[Saved data entries]
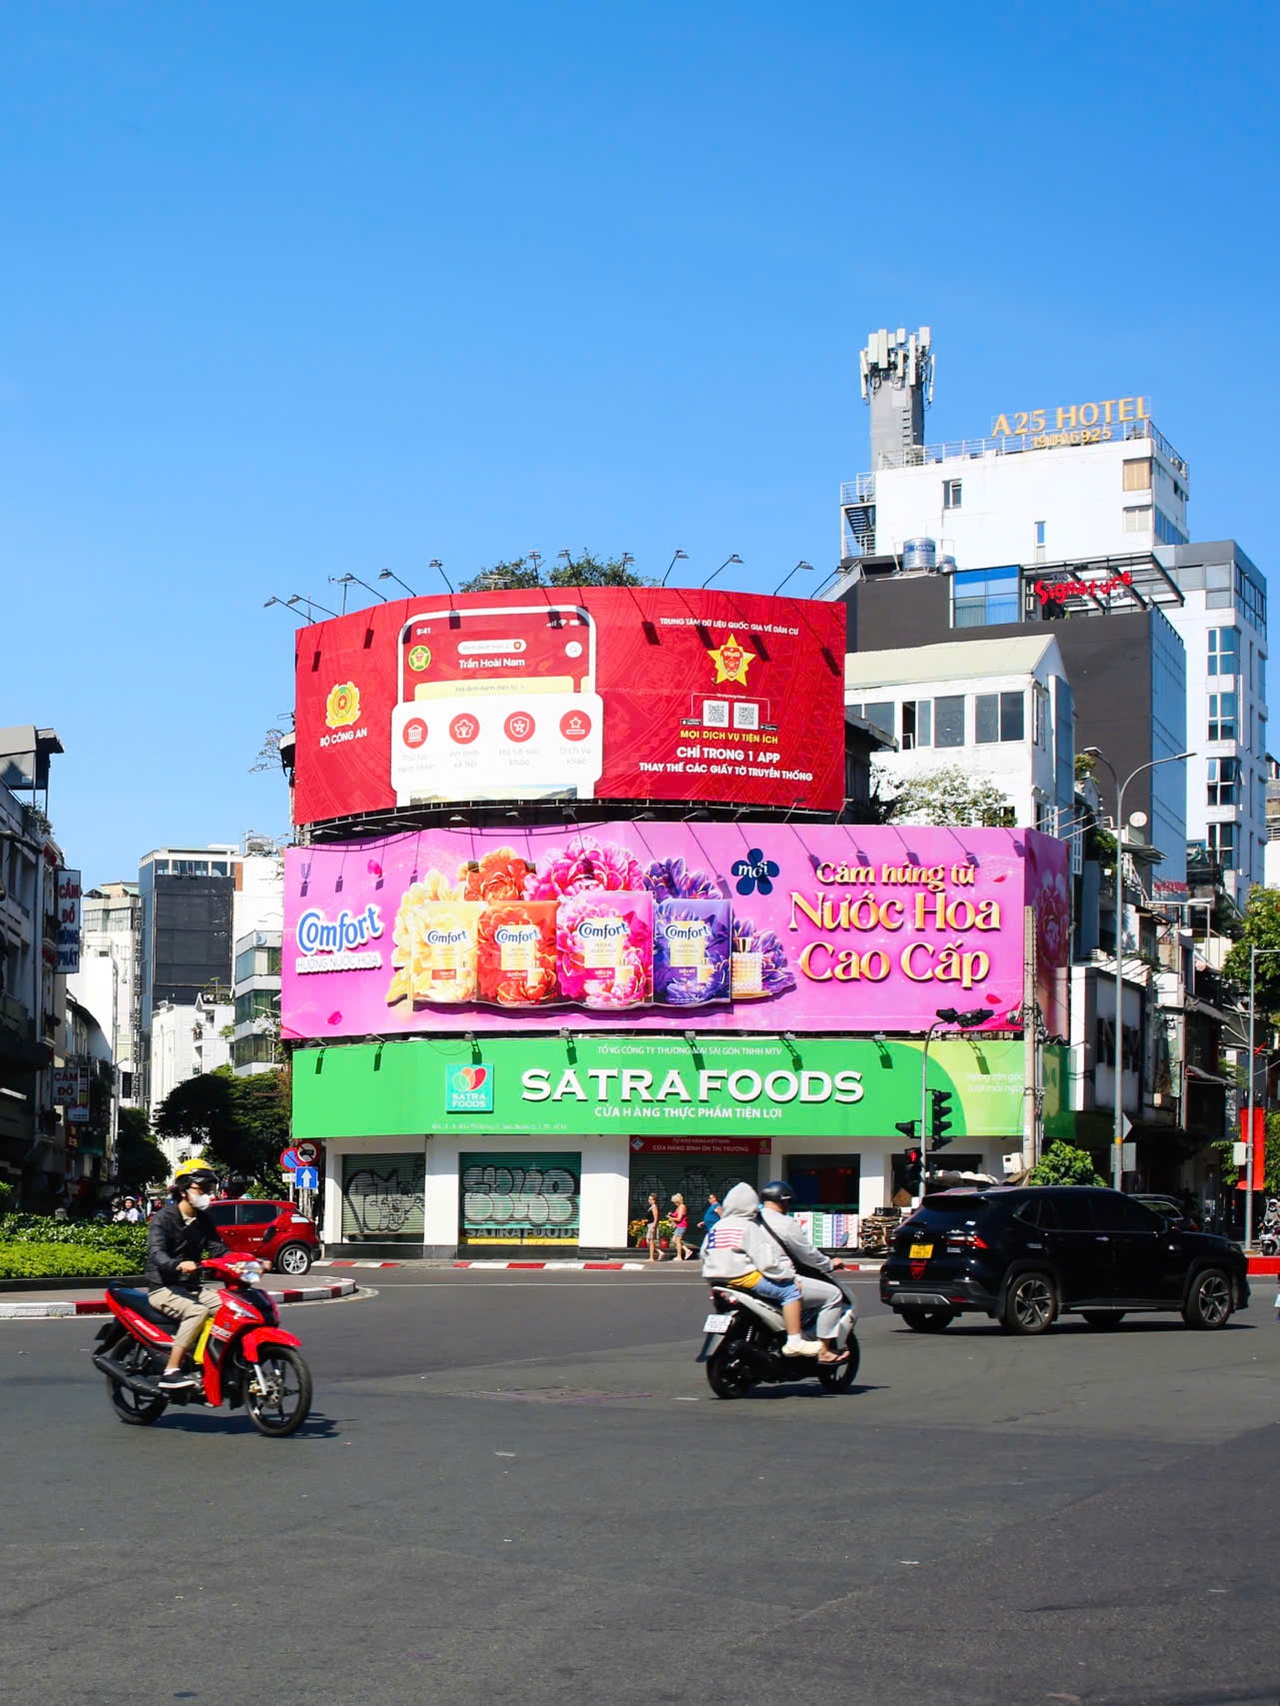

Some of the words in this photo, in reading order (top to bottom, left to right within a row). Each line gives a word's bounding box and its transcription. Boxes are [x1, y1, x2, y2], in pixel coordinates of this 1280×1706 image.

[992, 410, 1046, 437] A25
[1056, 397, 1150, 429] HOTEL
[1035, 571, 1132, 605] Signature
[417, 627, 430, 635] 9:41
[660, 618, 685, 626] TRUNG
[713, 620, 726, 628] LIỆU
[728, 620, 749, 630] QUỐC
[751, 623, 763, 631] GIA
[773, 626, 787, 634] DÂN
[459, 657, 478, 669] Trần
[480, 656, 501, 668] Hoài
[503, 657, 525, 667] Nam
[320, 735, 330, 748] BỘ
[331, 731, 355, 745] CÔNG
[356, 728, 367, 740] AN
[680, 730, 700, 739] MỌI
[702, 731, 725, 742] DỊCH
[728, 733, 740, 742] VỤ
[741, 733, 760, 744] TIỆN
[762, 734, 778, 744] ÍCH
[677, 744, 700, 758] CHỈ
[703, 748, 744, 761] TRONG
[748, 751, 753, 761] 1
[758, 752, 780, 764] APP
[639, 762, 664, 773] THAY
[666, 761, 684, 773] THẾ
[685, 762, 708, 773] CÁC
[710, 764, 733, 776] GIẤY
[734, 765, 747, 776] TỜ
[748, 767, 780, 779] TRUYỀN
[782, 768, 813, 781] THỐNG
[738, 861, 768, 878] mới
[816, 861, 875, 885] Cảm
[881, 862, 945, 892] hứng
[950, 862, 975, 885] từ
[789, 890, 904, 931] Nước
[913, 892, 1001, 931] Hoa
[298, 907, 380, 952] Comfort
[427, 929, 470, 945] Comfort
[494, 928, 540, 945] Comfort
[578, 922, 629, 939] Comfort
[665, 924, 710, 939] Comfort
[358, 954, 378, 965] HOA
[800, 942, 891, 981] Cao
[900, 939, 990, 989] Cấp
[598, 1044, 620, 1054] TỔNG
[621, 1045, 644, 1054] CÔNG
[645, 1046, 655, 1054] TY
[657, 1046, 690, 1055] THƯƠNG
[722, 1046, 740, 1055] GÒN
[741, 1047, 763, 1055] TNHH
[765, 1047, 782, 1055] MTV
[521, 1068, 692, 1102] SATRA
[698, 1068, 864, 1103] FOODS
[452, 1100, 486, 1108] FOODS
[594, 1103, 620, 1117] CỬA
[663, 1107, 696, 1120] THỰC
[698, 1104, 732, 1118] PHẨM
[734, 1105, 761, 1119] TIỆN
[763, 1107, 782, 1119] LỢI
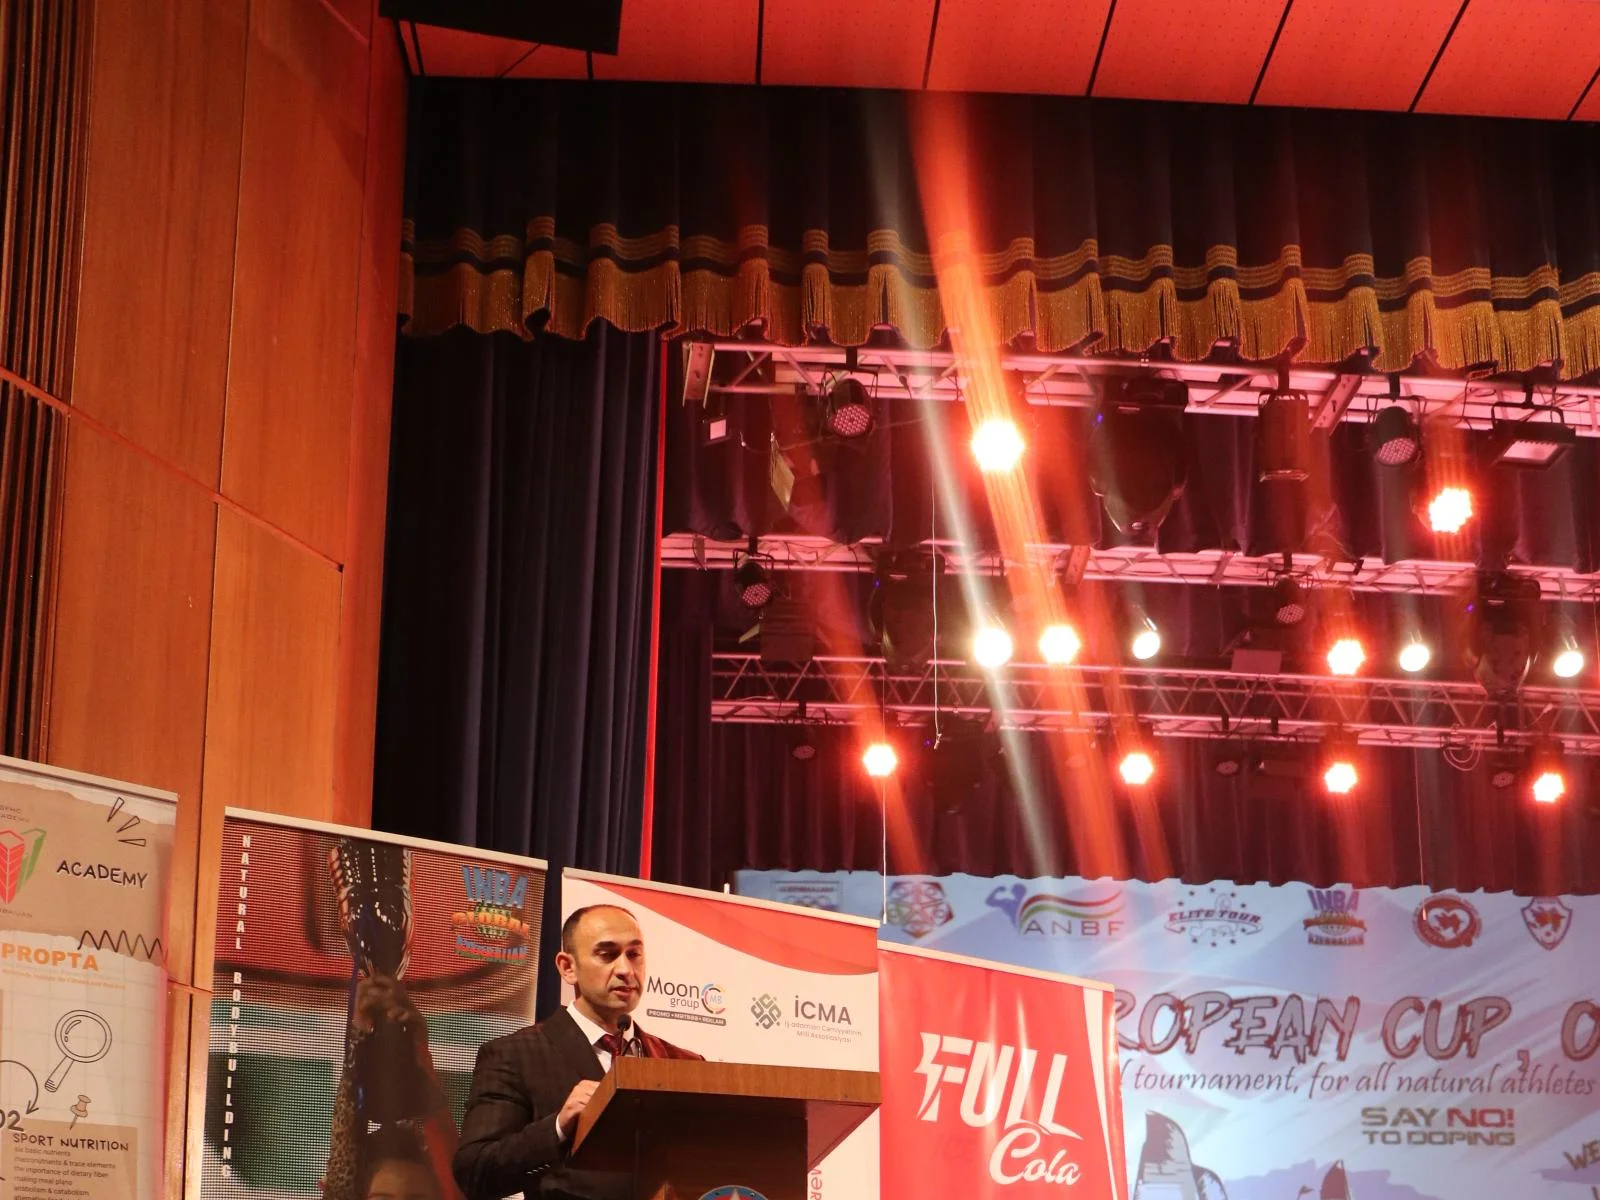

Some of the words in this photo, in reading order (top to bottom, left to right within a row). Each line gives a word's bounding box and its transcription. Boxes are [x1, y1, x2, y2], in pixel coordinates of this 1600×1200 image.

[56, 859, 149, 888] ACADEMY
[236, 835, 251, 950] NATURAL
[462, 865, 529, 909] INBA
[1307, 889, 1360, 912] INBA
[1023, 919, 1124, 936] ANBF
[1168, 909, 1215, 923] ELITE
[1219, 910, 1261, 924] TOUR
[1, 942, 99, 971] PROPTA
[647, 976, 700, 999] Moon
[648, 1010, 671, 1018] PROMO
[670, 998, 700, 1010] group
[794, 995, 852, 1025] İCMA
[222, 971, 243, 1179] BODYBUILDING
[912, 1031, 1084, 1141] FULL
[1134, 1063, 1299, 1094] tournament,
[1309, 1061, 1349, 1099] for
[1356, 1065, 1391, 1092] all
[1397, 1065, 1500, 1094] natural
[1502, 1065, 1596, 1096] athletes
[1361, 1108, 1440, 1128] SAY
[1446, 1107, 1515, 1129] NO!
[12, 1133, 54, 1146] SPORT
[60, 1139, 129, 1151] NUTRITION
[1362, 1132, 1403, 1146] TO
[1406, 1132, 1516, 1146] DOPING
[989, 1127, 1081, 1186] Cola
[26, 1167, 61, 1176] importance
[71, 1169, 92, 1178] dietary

How to complete this task
Search the entries for the word "CÔNG" and pick out every line that holds it.

Answer below
[331, 731, 355, 745] CÔNG
[621, 1045, 644, 1054] CÔNG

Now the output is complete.